I grow small, sitting on the ground, staring into the voids of the sculpted roof. What do the hollow spaces of the honeycombs and lanterns, which I have also seen in mosques, suggest? These negative spaces are most difficult to fathom. Simply air around which we can spin patterns? It is, for some, the void of meaning. For others, it is the unseen. One must believe in the latter to feel reassured here. But perhaps even those without faith can admit that the temples of Islam are most successful in suggesting this fiction.
THE CALL TO PRAYER
Outside, the remaining clouds have vanished. Tangier is clear, bright, glass-like. I walk in the brilliant sunlight across the square fronting the Kasbah Palace, possessed with a numerical zeal. The palace has me parsing shapes in the pavement, counting windows, measuring balcony railings. I feel the opposite of opiated. I know Tangier without the taste of majoun in my mouth.

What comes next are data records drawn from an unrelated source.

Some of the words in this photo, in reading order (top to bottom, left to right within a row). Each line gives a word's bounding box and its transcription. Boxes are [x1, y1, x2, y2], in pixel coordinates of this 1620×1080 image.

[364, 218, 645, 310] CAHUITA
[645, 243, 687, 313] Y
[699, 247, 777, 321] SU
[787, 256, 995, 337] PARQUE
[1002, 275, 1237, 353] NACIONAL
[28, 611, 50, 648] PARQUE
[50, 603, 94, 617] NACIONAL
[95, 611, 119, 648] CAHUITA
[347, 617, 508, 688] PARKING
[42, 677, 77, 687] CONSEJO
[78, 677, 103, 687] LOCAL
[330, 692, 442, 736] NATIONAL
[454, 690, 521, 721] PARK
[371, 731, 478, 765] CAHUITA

At the far end is an arch and a terrace facing the sea. I pass through and look for where the Atlantic and the Mediterranean meet. I expect to see conflicting currents, but the sea stretches as a single blue band. Depending on your position along the walls, or how high you climb, you can look out in more than one direction. Peering down from this height, I see levels of city descending to the Medina and Socco. The Kasbah bleeds organically into the lower town and not according to an intricate plan.
There is a sudden shift in the air. Above, one voice soars, and then another, until they mingle, tracks played antiphonally, until more prayers join in the now mesmerizing cacophony. The song is transporting; it lifts me. I feel the air expand with verses I cannot fully comprehend. It is the call to prayer.

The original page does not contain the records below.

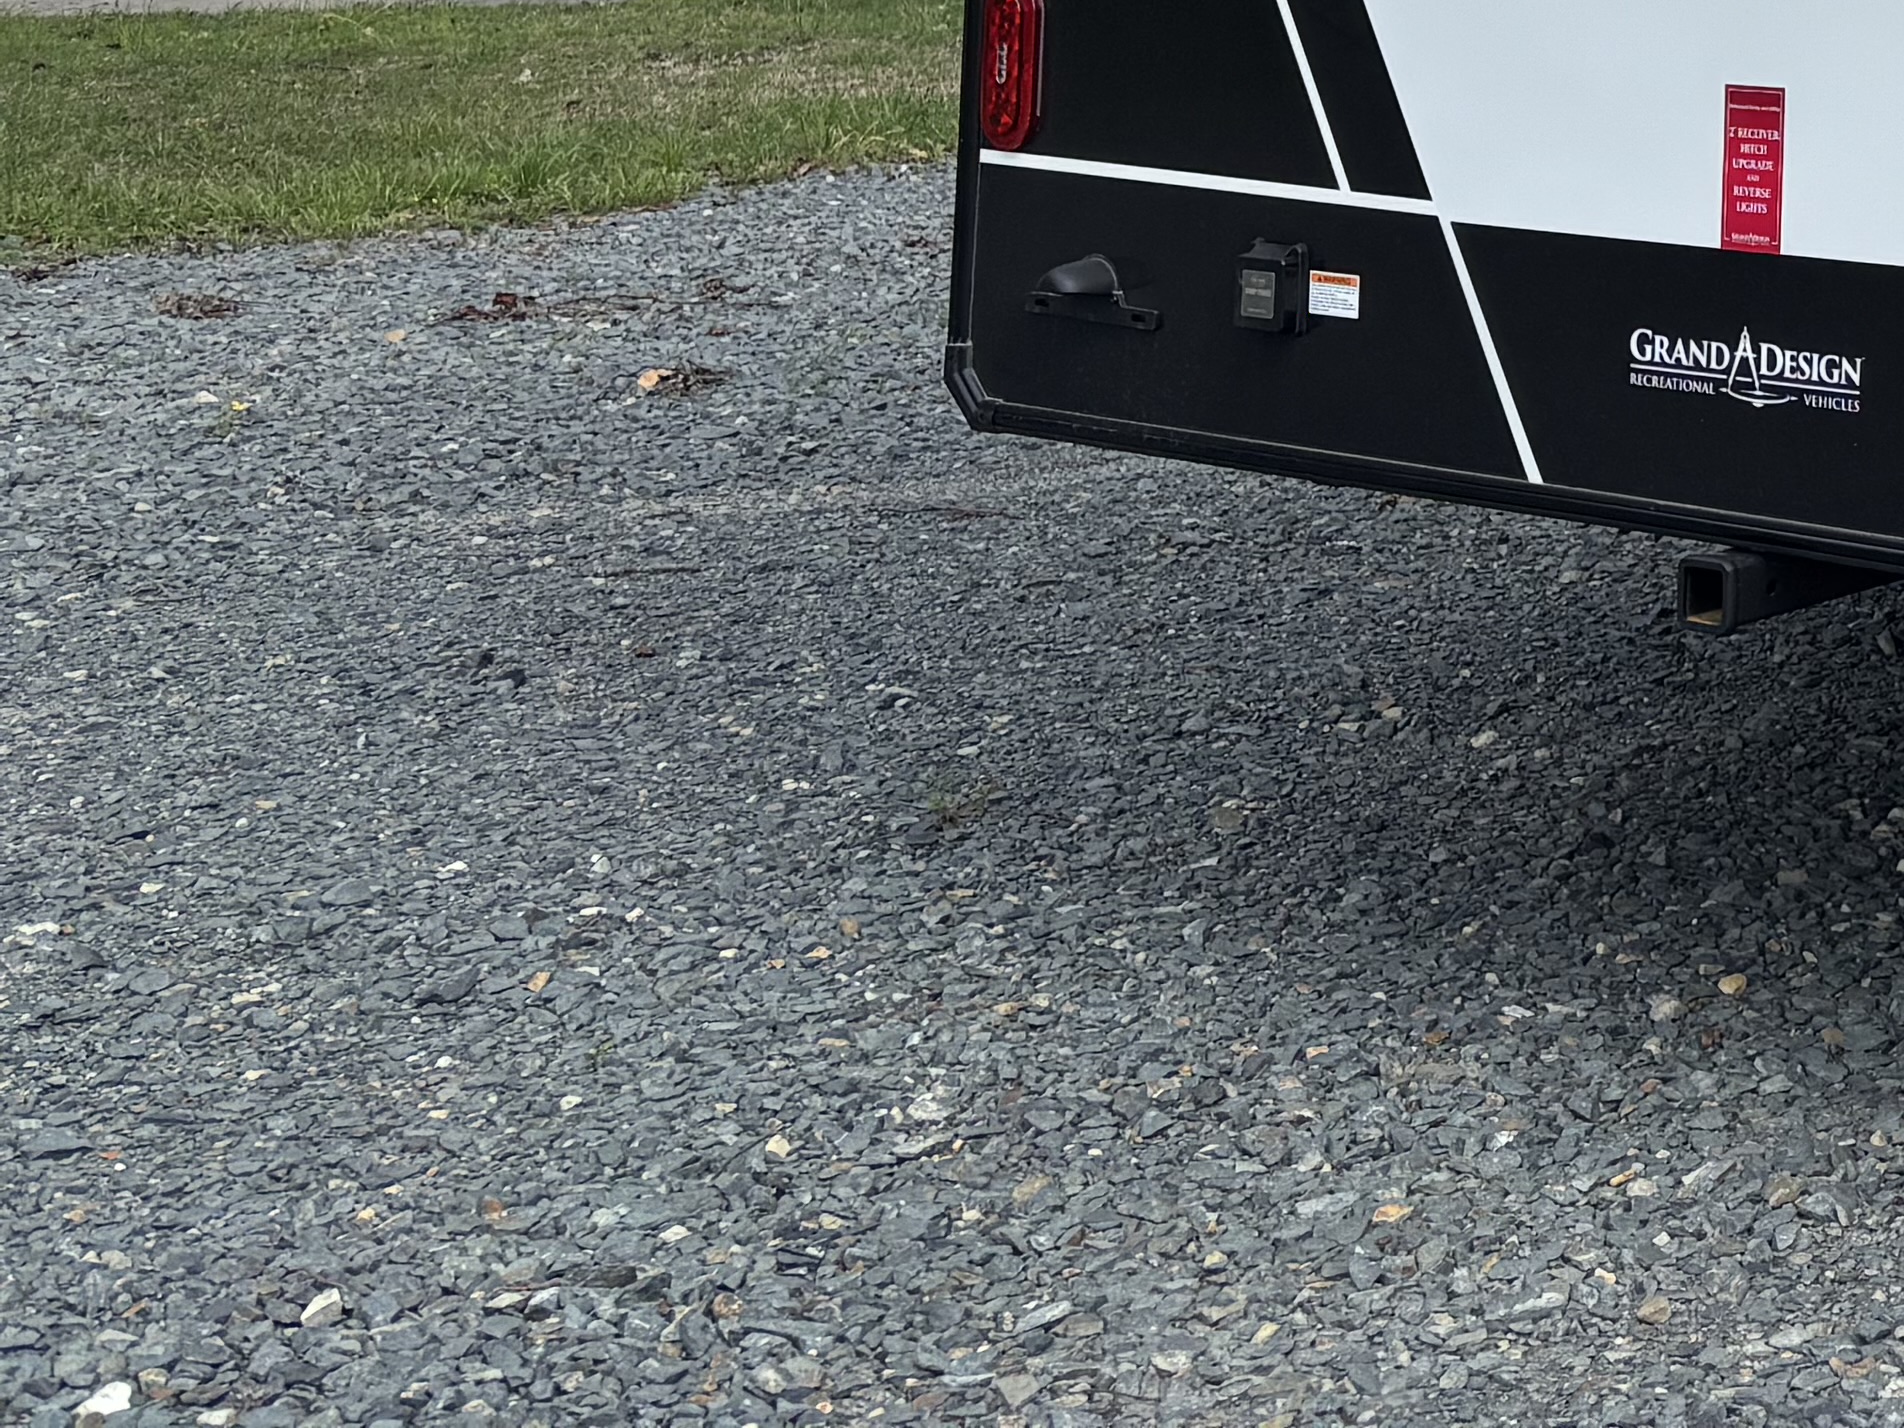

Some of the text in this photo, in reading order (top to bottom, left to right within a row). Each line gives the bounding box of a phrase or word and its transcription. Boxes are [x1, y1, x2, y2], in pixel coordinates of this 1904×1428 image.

[1732, 157, 1774, 171] UPGRADE
[1733, 185, 1772, 199] REVERSE
[1736, 201, 1768, 214] LIGHTS
[1630, 328, 1862, 387] GRAND DESIGN
[1629, 372, 1861, 412] RECREATIONAL VEHICLES

Listening to the sounds interlacing, I feel exposed and stripped of my organizing principles. The layers of conceit I used to understand this city as a new arrival—pathetic fallacies, literary hypotheses, oppressive theories, projected desires—are torn from me. They have all unraveled into the air. Don’t I need them? What do I do when they fail?
I cannot parse Tangier. Its geometry is not divine, its urbanism not exotic. No more than the Boulevard and avenues of the New Town, or, farther away, the new building works and corporate glass constructions I can now see near the train station. Tangier is looking ahead. Those who would gain wisdom and eroticism from poverty must be just a little disappointed.
Turning back out to sea––the mixed messages of the salāt still crowding the air––I observe Europe, heavy on the horizon, across the straits. And I feel a moment of familiar, deep longing: to be somewhere more predictable. It is close, just thirty-five kilometers. If I reach up, I can almost touch it. With one arm raised, I have a sudden desire to get the hell out of this place, to race back to the “West.” I want to be on the other side of visa control, behind my fence, looking back at Africa with relief. It is as if I am out-of-bounds here, through the looking glass, on the wrong side.
Someone catches my eye from a nearby window. I see an attractive figure pull the frame closed and disappear behind a curtain. I tug at my shirt. It’s that smell again. Of men, of a desire still unsatisfied. The muezzin’s song reverberates, and a group follows it, women trailing separately towards a mosque. I glance around, cautiously. For a moment, I feel uneasy and afraid.
If I had not left the other side, it might have been easy to tell you why.